4) Heightened awareness of the importance that restart situations have in determining the outcome of the match – Almost a third of all goals scored are a direct result of restart situations (set pieces). In the 2002 Men’s World Cup, restarts accounted for 45 of the 161 goals scored (28 percent) and during the 2003 Women’s World Cup, restarts accounted for 39 of the 107 goals (36.4 percent). So what does all of this mean to the player who is competing at the US Youth Soccer ODP level?

It means that as the competitive level of the event increases, it usually means that the result, often times, is generally determined by a single goal because of the increased technical and tactical abilities of the players involved. Now, players need to be concerned more than ever with the choices they make on the field during these higher quality games.
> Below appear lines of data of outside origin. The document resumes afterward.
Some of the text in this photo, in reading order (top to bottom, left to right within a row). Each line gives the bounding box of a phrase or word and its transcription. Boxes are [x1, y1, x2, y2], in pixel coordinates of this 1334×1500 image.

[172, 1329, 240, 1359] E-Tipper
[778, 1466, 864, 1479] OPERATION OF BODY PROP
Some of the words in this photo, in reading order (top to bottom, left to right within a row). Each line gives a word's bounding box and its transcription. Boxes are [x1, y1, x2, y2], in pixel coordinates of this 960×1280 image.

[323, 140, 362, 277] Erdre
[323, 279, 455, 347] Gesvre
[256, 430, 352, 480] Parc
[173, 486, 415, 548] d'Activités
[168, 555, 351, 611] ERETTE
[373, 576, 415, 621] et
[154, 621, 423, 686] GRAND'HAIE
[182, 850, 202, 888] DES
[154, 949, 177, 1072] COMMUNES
The two areas that need to be addressed during game preparations are:

– Player responsibilities when defending restart situations
– The consequences of committing fouls, giving away corner kicks or throw-ins in critical areas of the field

The players need to completely understand what their responsibilities are during the various types of restart situations (free kicks, corner kicks, throw-ins). Does the player need to be standing in front of the opposing player who is throwing the ball in, or does it make more sense for that player to step back and front an opposing player so the ball does not get played directly into that player’s feet? Do the player’s understand that they should not give any type of tactical advantage to their opponents the moment their team has to begin defending a restart situation?
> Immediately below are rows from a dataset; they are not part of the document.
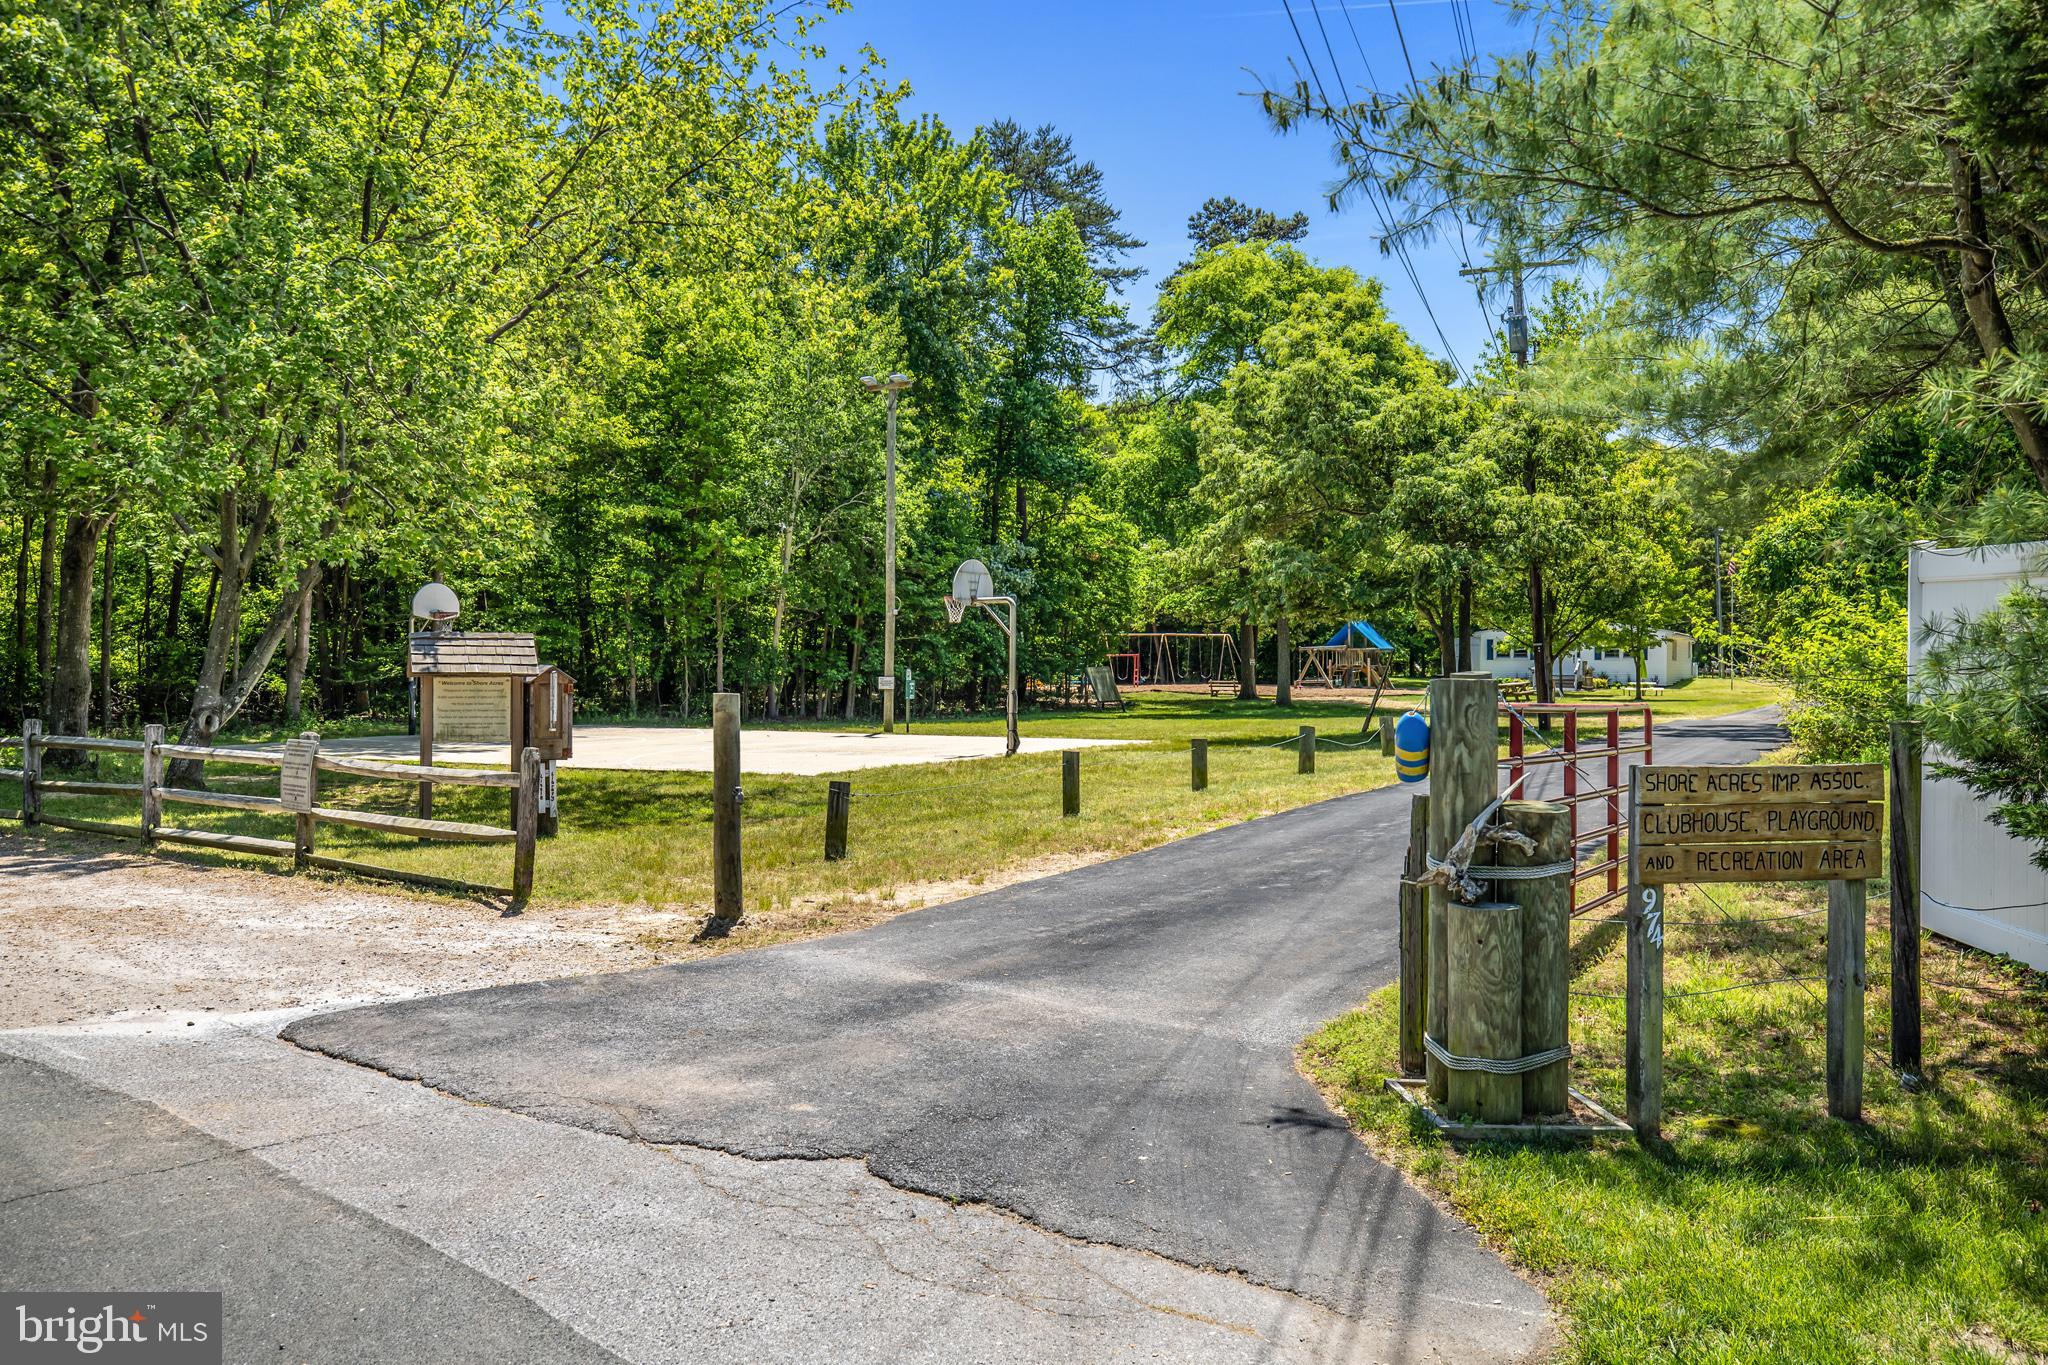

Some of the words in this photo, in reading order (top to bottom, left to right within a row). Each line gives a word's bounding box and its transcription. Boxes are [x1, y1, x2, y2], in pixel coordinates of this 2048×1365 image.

[1645, 773, 1699, 793] SHORE
[1706, 773, 1763, 793] ACRES
[1771, 773, 1801, 793] IMP.
[1810, 771, 1870, 790] ASSOC.
[1645, 855, 1674, 870] AND
[1697, 851, 1804, 872] RECREATION
[1819, 849, 1867, 869] AREA
[1642, 888, 1665, 950] 974
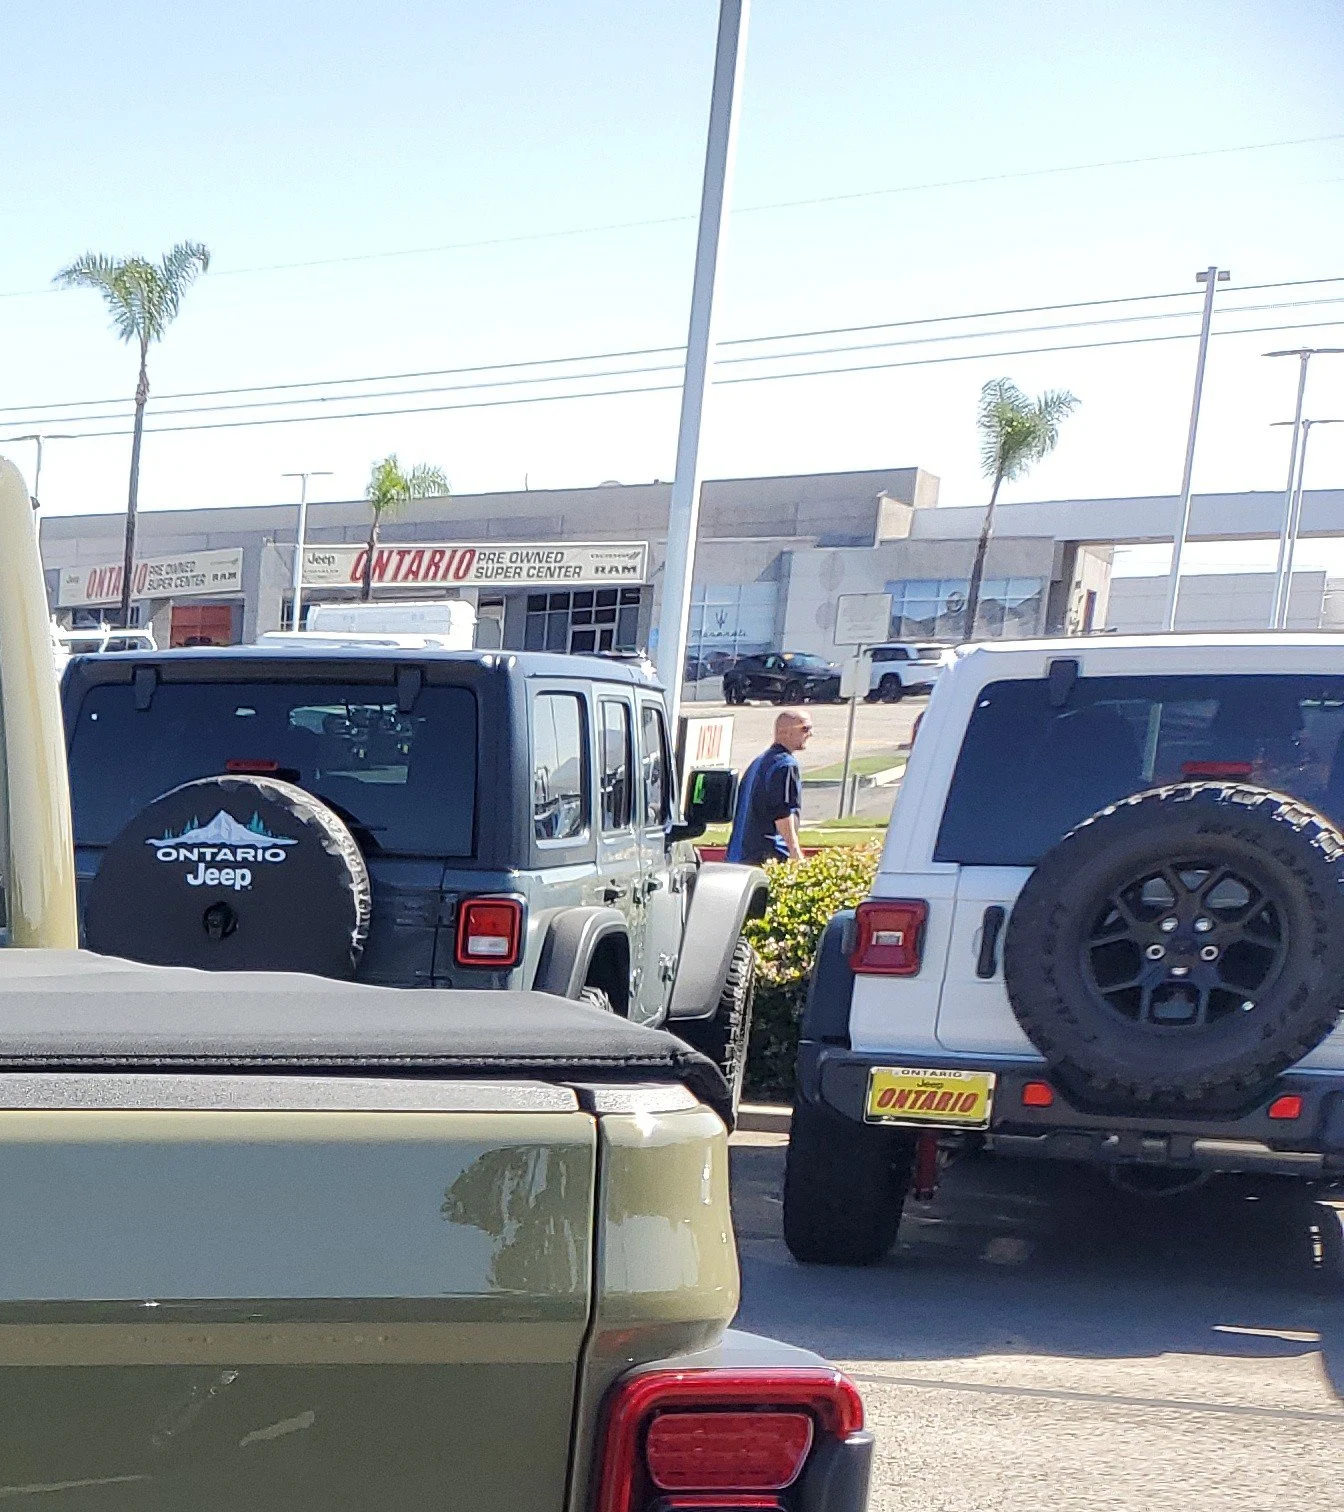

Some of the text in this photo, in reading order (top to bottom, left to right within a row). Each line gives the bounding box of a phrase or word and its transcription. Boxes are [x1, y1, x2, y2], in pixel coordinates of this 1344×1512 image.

[307, 553, 336, 566] Jeep
[477, 551, 565, 564] PRE OWNED
[350, 549, 476, 582] ONTARIO
[474, 565, 583, 579] SUPER CENTER
[594, 565, 637, 575] RAM
[86, 563, 149, 599] ONTAIO
[212, 572, 237, 582] RAM
[156, 847, 287, 862] ONTARIO
[186, 863, 252, 890] Jeep
[901, 1069, 963, 1078] ONTARIO
[916, 1079, 944, 1089] Jeep
[876, 1088, 980, 1113] ONTARIO
In game-time situations, players need to know:

– How to stop the short corner kicks attempted by their opponents
– Whether their goalkeeper likes to have the near and far posts covered during a corner kick
– Know how to hold a defensive line on a free kick situation and who on their team is responsible when this situation occurs
– How to be disciplined enough to carry out their responsibilities in defending restarts, such as setting the wall and communicating with the goalkeeper, being the first player in the wall, tracking players, attacking the ball, etc.
– How to be aware of where and how they should clear balls when defending restart situations—there are times when the prudent action from a defending player is to give away a corner kick or throw-in to their opponent.

We have already mentioned that the outcome of the more competitive matches is usually determined by a single goal. With that being said, players need to realize the technical abilities of players are generally better in these matches. This means a single free kick, corner kick or even a throw-in (if the team possesses a player with a long throw-in) can win the game for a team.

Players must realize that committing a silly foul in or around your defensive penalty area can cost your team the match (this would also cover things such as players not being baited by their opponent into any action that can cause a mental lapse). To avoid these critical restart situations, some coaches have found that by challenging their team not to give up any restart situations within 30 yards of their own goal, it helps their players remain more focused and to show more discipline.